Recognizing the importance of sustainability and environmental stewardship, the concept of sustainable usage of used flowers is emerging as a blooming solution.  Enterprising minds have seized the opportunity to reimagine floral waste as a resource, propelling the growth of small businesses.  Using the Circular Economy (CE) concept, these firms extract valuable products from discarded flowers, transforming waste into opportunities for economic growth while safeguarding the planet.  Many flowers possess vibrant pigments that can be extracted and used as natural dyes.  By repurposing used flowers in this manner, we reduce the need for synthetic dyes, which often come with harmful environmental consequences during manufacturing and disposal.  Natural dyes and vibrant textiles emerge as marigolds, hibiscus, and roses find new purpose in handcrafted fabrics.  

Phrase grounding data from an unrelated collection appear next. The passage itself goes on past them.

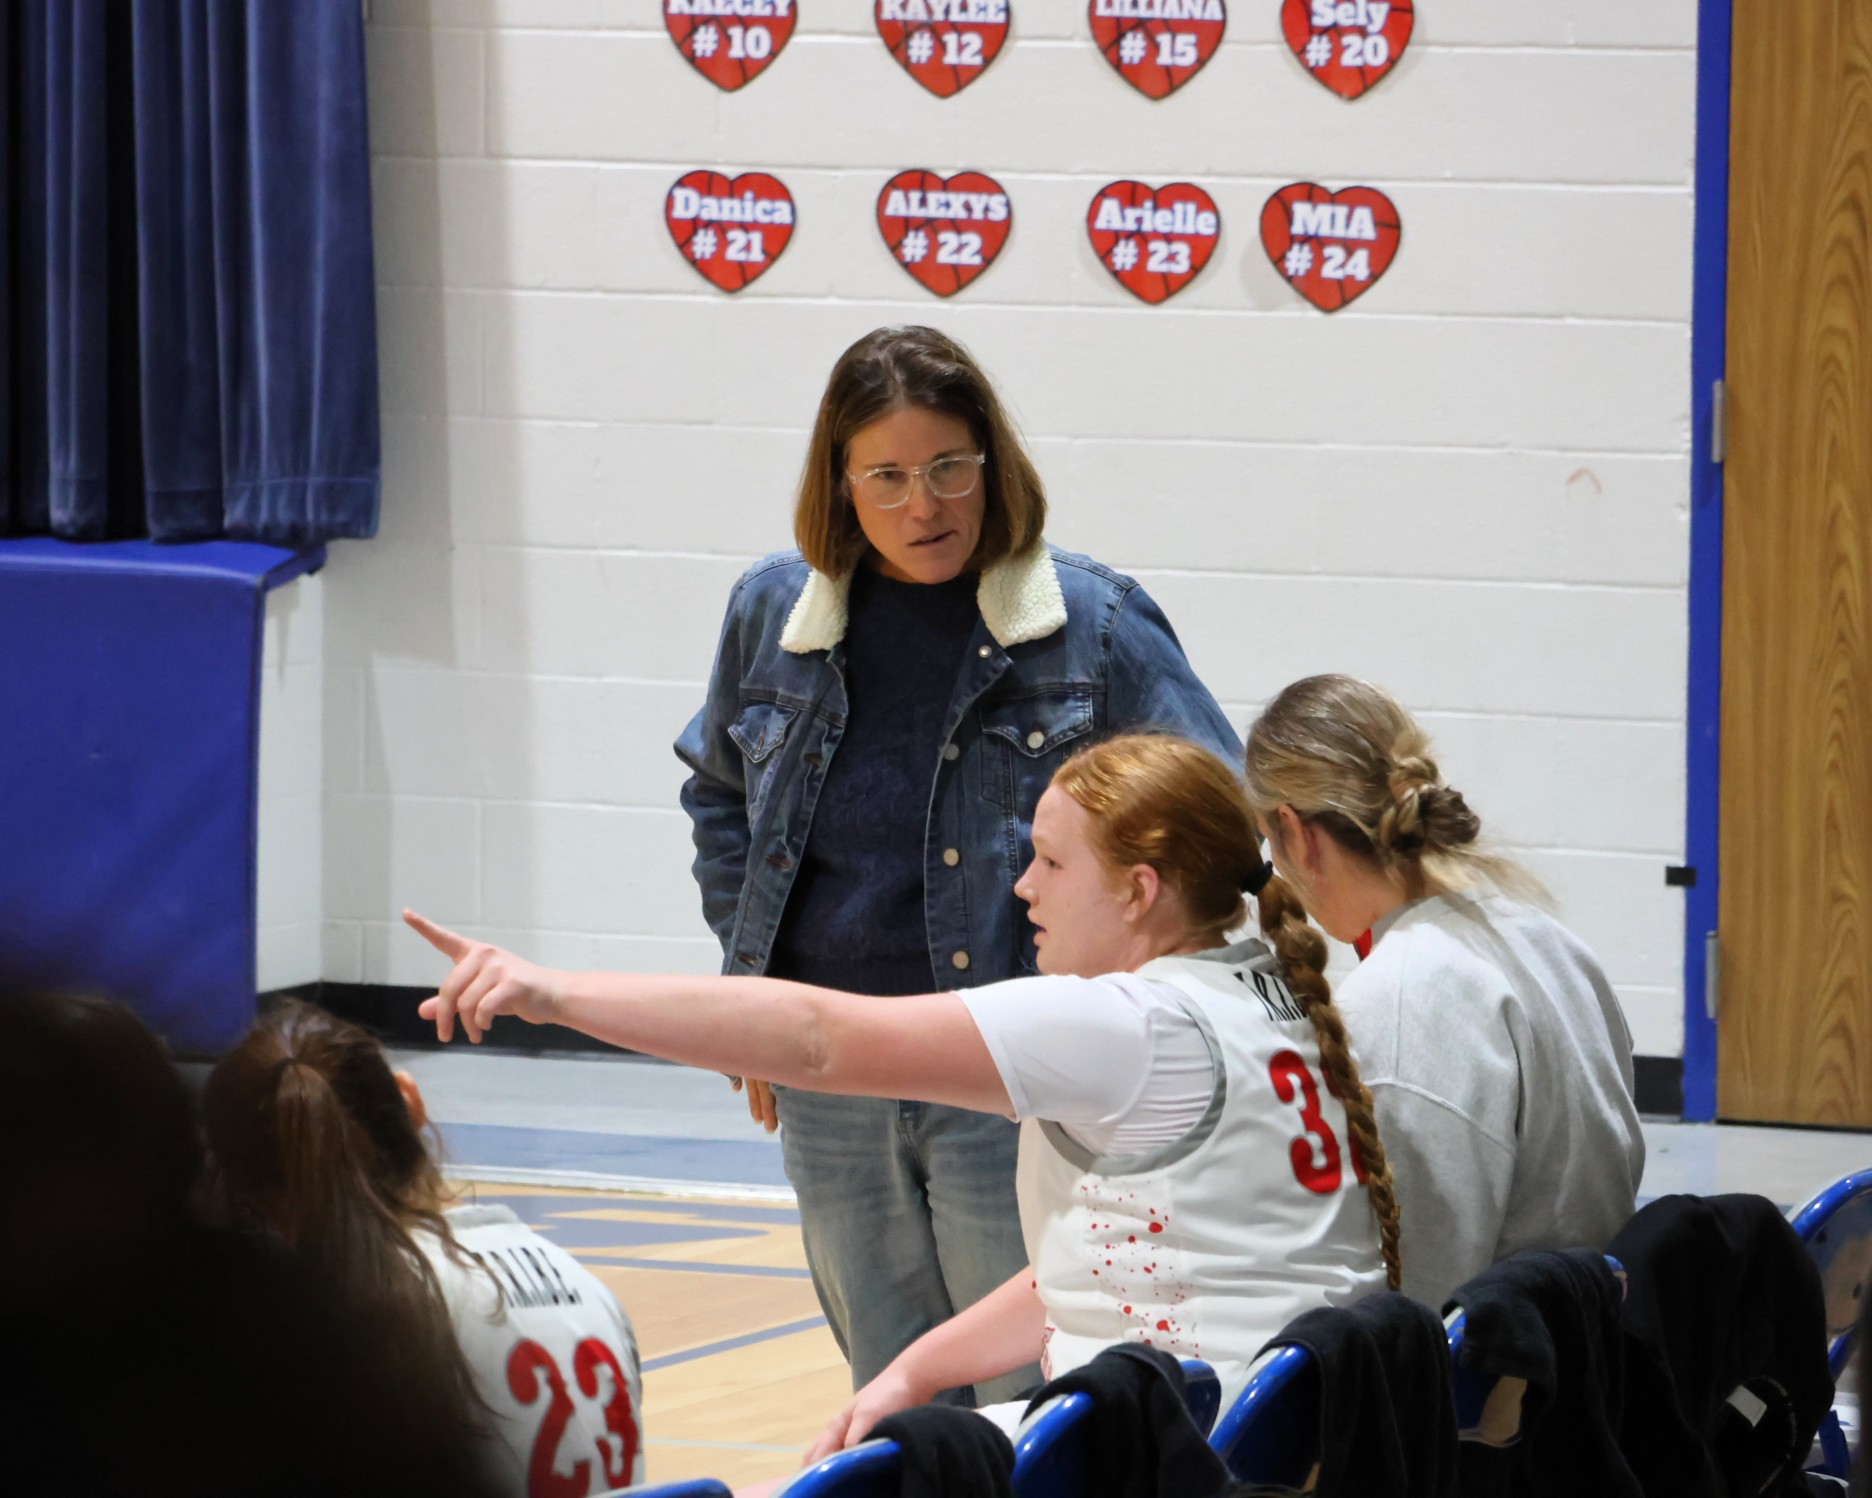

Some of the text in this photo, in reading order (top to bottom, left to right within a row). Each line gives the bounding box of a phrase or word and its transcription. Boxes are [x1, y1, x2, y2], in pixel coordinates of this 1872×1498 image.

[880, 0, 1008, 24] KAYLEE
[692, 25, 772, 59] # 10
[907, 32, 984, 66] # 12
[1119, 32, 1198, 67] # 15
[1305, 34, 1389, 67] # 20
[671, 188, 794, 224] Danica
[884, 190, 1010, 220] ALEXYS
[1094, 198, 1218, 235] Arielle
[1290, 202, 1378, 240] MIA
[691, 228, 766, 262] # 21
[902, 230, 983, 265] # 22
[1111, 239, 1192, 274] # 23
[1284, 243, 1371, 281] # 24
[505, 1336, 640, 1498] 23

M/s Adiv Pure Nature Private Limited reimagines floral waste from Mumbai’s Siddhivinayak temple, transforming it into exquisite natural dyes and vibrant textiles.  M/s MATR has teamed up with the sustainable Australian design brand “Because of Nature” for a venture titled “The  Happy Hands Project.”  

This project employs marginalized women to convert flower waste into natural dyes for Khadi garments.  Every day, women collect floral waste from the Mahabodhi temple in Bodh Gaya, sort by variety, and dry them. The dried flowers are then manually powdered, boiled, and used to dye the fabric.  Phool Co aims to protect the Ganges from turning into a flower drain.  This is done by upcycling the floral waste.  They came up with curating incense sticks made from upcycled floral waste. Their process includes preparing dough from waste flowers and, thereafter, curating incense.  Their “Green Wave” project separates, dries, and powders the collected floral waste to produce Nirmalya incense sticks.  In addition, Green Wave intends to make colour dyes and powdered colours for Holi, fragrances paper, and mosquito repellent in the future. They recycle almost 300kg of floral waste and have provided jobs to about 50-60 girls from the slums of Mumbai and Kanpur. 

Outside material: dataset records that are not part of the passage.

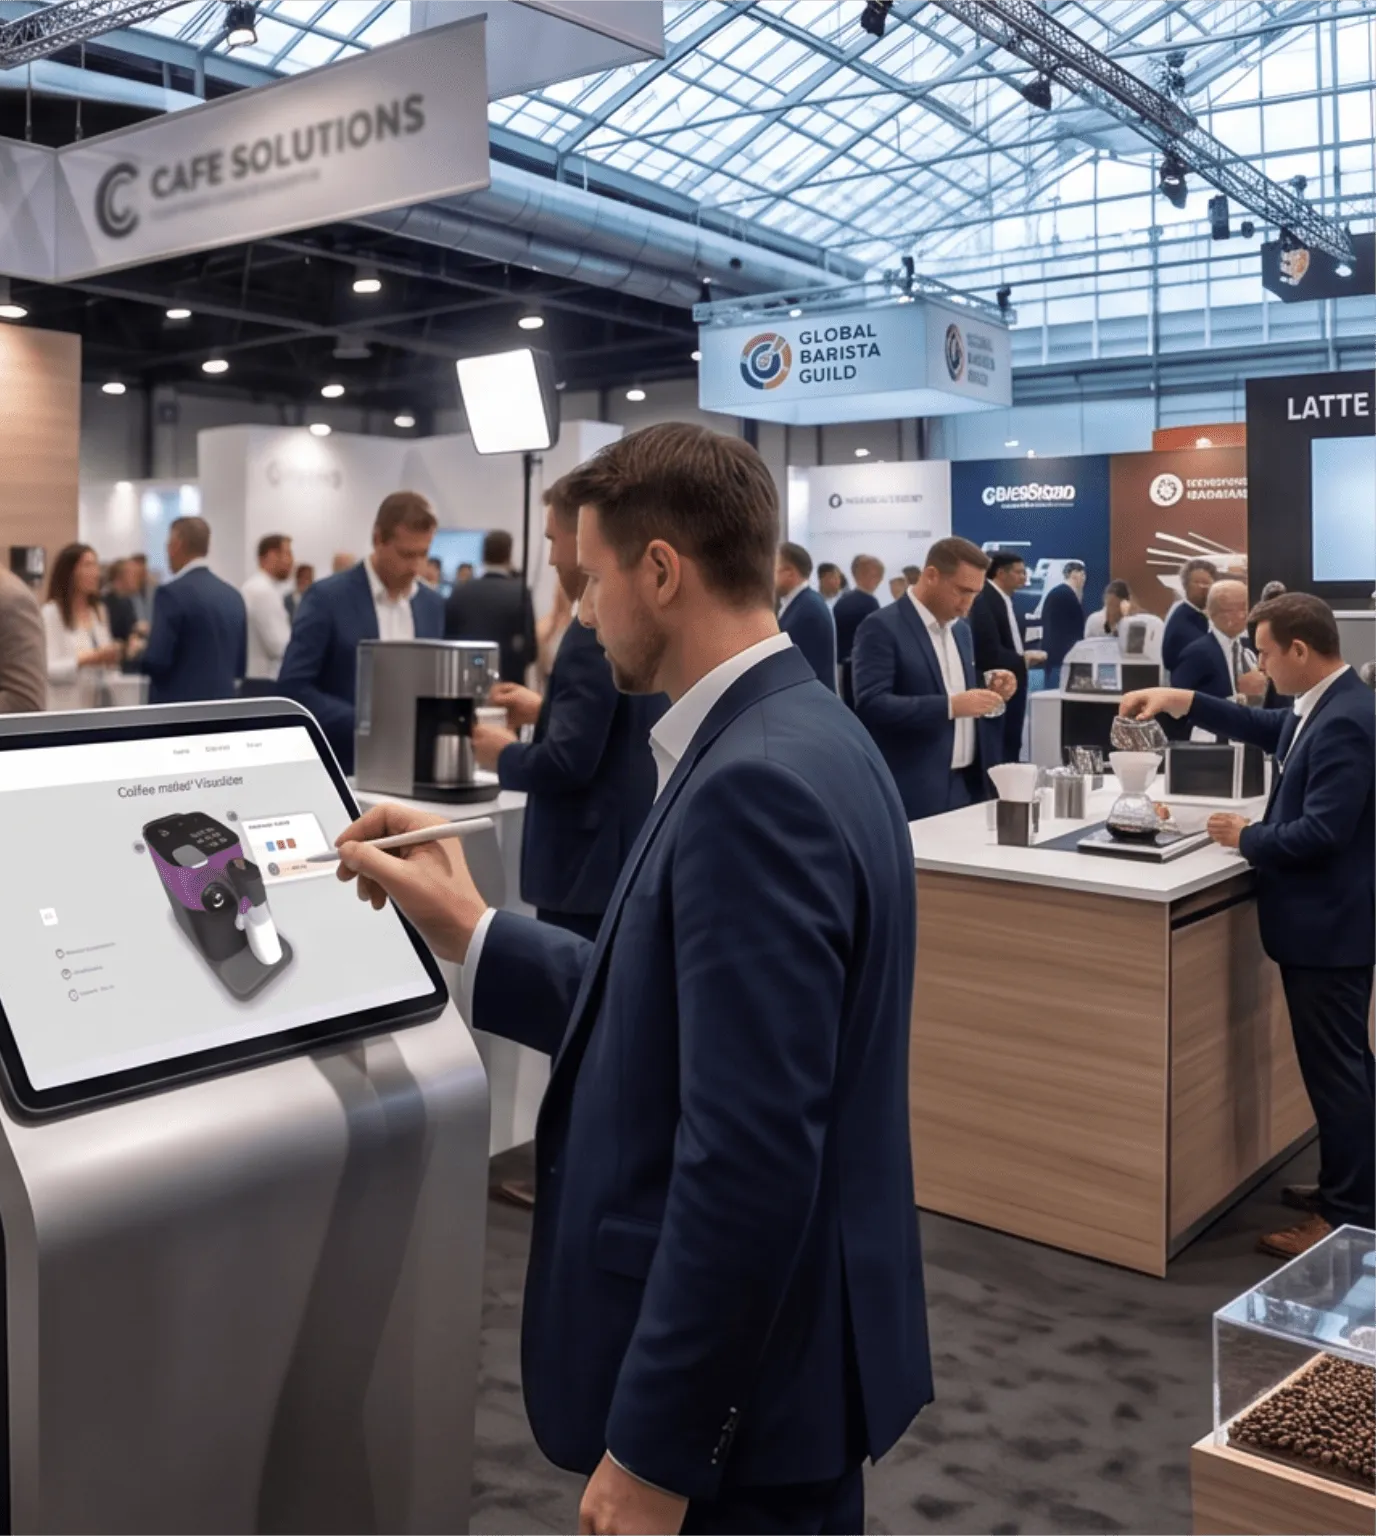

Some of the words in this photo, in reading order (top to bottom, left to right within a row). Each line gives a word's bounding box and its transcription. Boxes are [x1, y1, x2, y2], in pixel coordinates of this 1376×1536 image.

[150, 150, 223, 198] CAFE
[231, 94, 425, 179] SOLUTIONS
[799, 324, 876, 345] GLOBAL
[800, 343, 881, 364] BARISTA
[799, 365, 857, 383] GUILD
[1288, 392, 1369, 421] LATTE

 Another usage is the making of potpourri; drying used flowers can preserve their beauty and fragrance, allowing them to be repurposed into potpourri or sachets. These can naturally freshen up spaces, closets, or drawers, replacing chemical-laden air fresheners.  Flowers are organic matter rich in nutrients, making them an excellent addition to compost piles.  Composting not only reduces waste but also generates nutrient-rich soil that can be used to cultivate new plants, closing the ecological loop.  A non-profit organization “Angelique Foundation” collaborated with the Government and came up with the idea of converting floral waste to manure.  This process includes separating the flowers with the use of machines.  Around 10kg of sawdust is added to 200kg of floral waste to dispense with moisture and create the intensity fundamental in the usually natural cycle.  All these remarkable creations epitomize the power of CE’s reuse, recycling, and remanufacturing.

Within this fledgling landscape of sustainability, some remarkable success stories illuminate the path.  However, despite their noble pursuits, these

enterprises face challenges on their journey toward sustainability.  Marketing and selling these products are one of the biggest challenges, as these products could be marginally expensive because of the natural ingredients used.  Another challenge is the supply-chain logistic issues.  One approach is implementing better logistics and transportation practices to minimize the floral industry’s carbon footprint.

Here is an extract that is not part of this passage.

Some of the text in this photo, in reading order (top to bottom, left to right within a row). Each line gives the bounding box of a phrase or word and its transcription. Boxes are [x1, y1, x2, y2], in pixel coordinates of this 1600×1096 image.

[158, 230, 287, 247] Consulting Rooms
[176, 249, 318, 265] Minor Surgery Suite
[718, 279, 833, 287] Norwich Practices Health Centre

Despite their challenges, small businesses in India spearhead sustainability efforts by transforming floral waste into valuable products.  Raising awareness and educating individuals about the potential benefits and creative possibilities is crucial to promote the sustainable usage of used flowers.  Florists, event planners, and gardening communities can play a significant role in advocating for sustainable practices.  Additionally, initiatives can be undertaken to teach people about composting, natural dyeing, and other repurposing techniques of CE, empowering them to contribute to a greener future.  By embracing these practices, we pave the way for a blooming future where sustainability and floral beauty coexist harmoniously.  These innovative ventures not only contribute to environmental conservation but also create self-employment opportunities, demonstrating the remarkable impact of sustainable small businesses in India’s quest for a greener future.